>>>

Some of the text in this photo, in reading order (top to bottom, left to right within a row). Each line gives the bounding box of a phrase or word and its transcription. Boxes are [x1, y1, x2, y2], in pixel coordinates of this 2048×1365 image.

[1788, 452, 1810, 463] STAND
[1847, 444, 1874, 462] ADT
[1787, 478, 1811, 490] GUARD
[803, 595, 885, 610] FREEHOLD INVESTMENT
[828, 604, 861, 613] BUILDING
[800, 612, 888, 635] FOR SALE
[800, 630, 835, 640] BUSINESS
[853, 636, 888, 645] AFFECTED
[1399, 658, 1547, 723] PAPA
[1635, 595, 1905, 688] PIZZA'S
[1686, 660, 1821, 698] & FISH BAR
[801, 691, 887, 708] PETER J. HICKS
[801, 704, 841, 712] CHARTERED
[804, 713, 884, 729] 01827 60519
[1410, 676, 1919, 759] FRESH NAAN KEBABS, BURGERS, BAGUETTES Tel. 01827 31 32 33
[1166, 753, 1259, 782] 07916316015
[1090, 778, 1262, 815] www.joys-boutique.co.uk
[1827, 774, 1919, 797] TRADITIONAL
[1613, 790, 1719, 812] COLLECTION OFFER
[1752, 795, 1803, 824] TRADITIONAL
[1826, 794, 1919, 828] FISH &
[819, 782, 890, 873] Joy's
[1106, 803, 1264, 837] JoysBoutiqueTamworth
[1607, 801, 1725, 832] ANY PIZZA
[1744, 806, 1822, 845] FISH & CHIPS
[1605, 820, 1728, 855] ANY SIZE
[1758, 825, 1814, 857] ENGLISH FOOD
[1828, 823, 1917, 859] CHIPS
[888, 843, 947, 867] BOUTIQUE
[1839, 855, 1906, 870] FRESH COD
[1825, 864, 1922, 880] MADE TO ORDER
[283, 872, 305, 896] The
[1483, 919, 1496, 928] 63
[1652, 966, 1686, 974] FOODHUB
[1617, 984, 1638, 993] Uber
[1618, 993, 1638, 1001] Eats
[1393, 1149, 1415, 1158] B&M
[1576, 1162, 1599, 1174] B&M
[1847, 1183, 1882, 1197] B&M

<<<

▸ Brief
Your task is to reproduce the entire listing exactly as it appears.

▸ Task solution
Some of the text in this photo, in reading order (top to bottom, left to right within a row). Each line gives the bounding box of a phrase or word and its transcription. Boxes are [x1, y1, x2, y2], in pixel coordinates of this 2048×1365 image.

[1788, 452, 1810, 463] STAND
[1847, 444, 1874, 462] ADT
[1787, 478, 1811, 490] GUARD
[803, 595, 885, 610] FREEHOLD INVESTMENT
[828, 604, 861, 613] BUILDING
[800, 612, 888, 635] FOR SALE
[800, 630, 835, 640] BUSINESS
[853, 636, 888, 645] AFFECTED
[1399, 658, 1547, 723] PAPA
[1635, 595, 1905, 688] PIZZA'S
[1686, 660, 1821, 698] & FISH BAR
[801, 691, 887, 708] PETER J. HICKS
[801, 704, 841, 712] CHARTERED
[804, 713, 884, 729] 01827 60519
[1410, 676, 1919, 759] FRESH NAAN KEBABS, BURGERS, BAGUETTES Tel. 01827 31 32 33
[1166, 753, 1259, 782] 07916316015
[1090, 778, 1262, 815] www.joys-boutique.co.uk
[1827, 774, 1919, 797] TRADITIONAL
[1613, 790, 1719, 812] COLLECTION OFFER
[1752, 795, 1803, 824] TRADITIONAL
[1826, 794, 1919, 828] FISH &
[819, 782, 890, 873] Joy's
[1106, 803, 1264, 837] JoysBoutiqueTamworth
[1607, 801, 1725, 832] ANY PIZZA
[1744, 806, 1822, 845] FISH & CHIPS
[1605, 820, 1728, 855] ANY SIZE
[1758, 825, 1814, 857] ENGLISH FOOD
[1828, 823, 1917, 859] CHIPS
[888, 843, 947, 867] BOUTIQUE
[1839, 855, 1906, 870] FRESH COD
[1825, 864, 1922, 880] MADE TO ORDER
[283, 872, 305, 896] The
[1483, 919, 1496, 928] 63
[1652, 966, 1686, 974] FOODHUB
[1617, 984, 1638, 993] Uber
[1618, 993, 1638, 1001] Eats
[1393, 1149, 1415, 1158] B&M
[1576, 1162, 1599, 1174] B&M
[1847, 1183, 1882, 1197] B&M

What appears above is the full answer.